Clearing tables: Bellarine eateries prepare for diners from June 1
CAFES, pubs and restaurants in Victoria can re-open their doors in less than two weeks to serve meals to up to 20 customers in each enclosed space, and traders on the Bellarine are cautiously optimistic about how it might work.
As announced by Premier Daniel Andrews on Sunday, the number of people per enclosed space could increase to up to 50 patrons by June 22 and up to 100 patrons by the second half of July.
All venues will need to abide by existing physical distancing requirements of one person per four square metres. Tables will also need to be spaced at least 1.5 metres apart.
Restrictions on other spaces within venues, including public bars and gaming areas, will remain in place throughout June.

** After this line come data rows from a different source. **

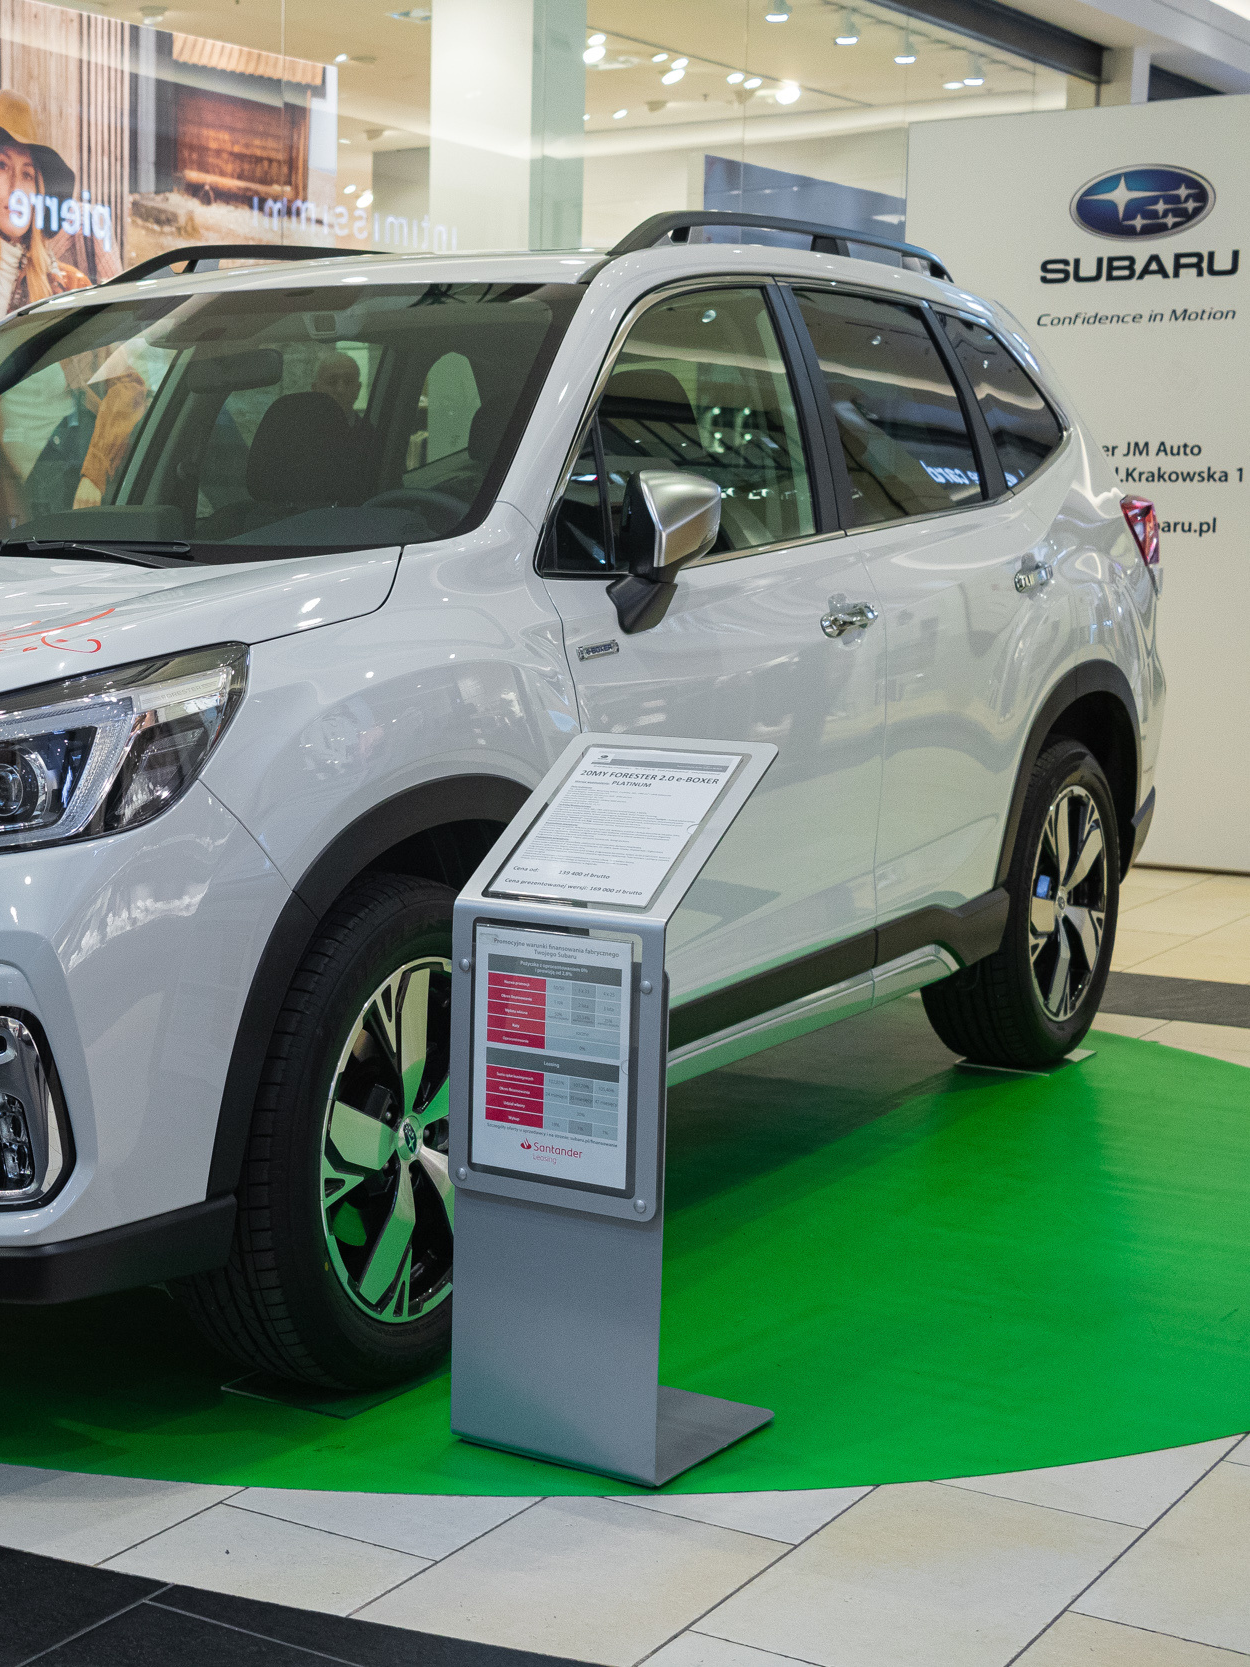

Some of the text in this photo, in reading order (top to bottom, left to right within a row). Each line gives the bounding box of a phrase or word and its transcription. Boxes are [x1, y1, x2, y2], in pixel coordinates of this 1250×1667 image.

[1040, 250, 1240, 284] SUBARU
[1037, 308, 1237, 327] Confidence in Motion
[1123, 441, 1150, 457] JM
[1155, 441, 1202, 457] Auto
[1236, 467, 1244, 483] 1
[608, 771, 658, 780] FORESTER
[675, 776, 720, 784] e-BOXER
[519, 879, 567, 889] prezentowanej
[493, 937, 619, 959] Promocyjne warunki finansowania fabrycznego
[534, 949, 556, 957] Twojego
[543, 1060, 559, 1068] Leasing
[533, 1141, 582, 1159] Santander
[532, 1153, 556, 1164] Leasing

Ocean Grove Business Association president Ty Simons said the easing of restrictions from June 1 had come faster than he expected and were welcomed by traders in the association.
‘We’re all really excited about being able to actually see customers again.”
He said 20 patrons at a time was “pretty good” as a starting point, but he hoped customers would respect the nature of the hospitality business.
“We want people to come in and eat, not come in for a coffee and sit there for an hour and a half.
“I know businesses are already talking about seating times, and the need to have bookings.”
However, the return to serving customers in store has its downsides. Mr Simons also runs the Driftwood Café, and said he would now have to postpone or accelerate some of his planned maintenance work.
Joel Taylor, general manager of the Taylor Group – which owns the Barwon Heads Hotel, Grovedale Hotel and Torquay Hotel – said the 20-patron limit would suit smaller operators “and it’s fantastic news for them”, but not larger venues.
“I’ve had lots of messages from customers saying ‘June 1! June 1!’, but if you’re sitting in a room designed for 200 and you’re one of 20, it’s not really the experience we want to offer you.
“Pubs are strange places without people in them.
“We’re looking forward to the next stage (with a 50-patron limit), where we might be able to turn the bars into little bistros.”
Mr Andrews said before each of the three dates, the Chief Health Officer would review the rates of community transmission in Victoria, confirm the ability to test, trace and respond to possible outbreaks and make sure there was an adequate safety net in the health system.
“This industry has told us they need time to plan and prepare to protect the safety of their staff and customers. Making these announcements now will be giving them that time.
“The hospitality industry is one of the pillars of the Victorian economy and has been among the hardest hit by this pandemic – re-opening the venues we all love is a critical piece of the puzzle in saving jobs and restoring our local communities.
“We need to be really clear, though: this is not a done deal. These timelines will depend on how we’re tracking.”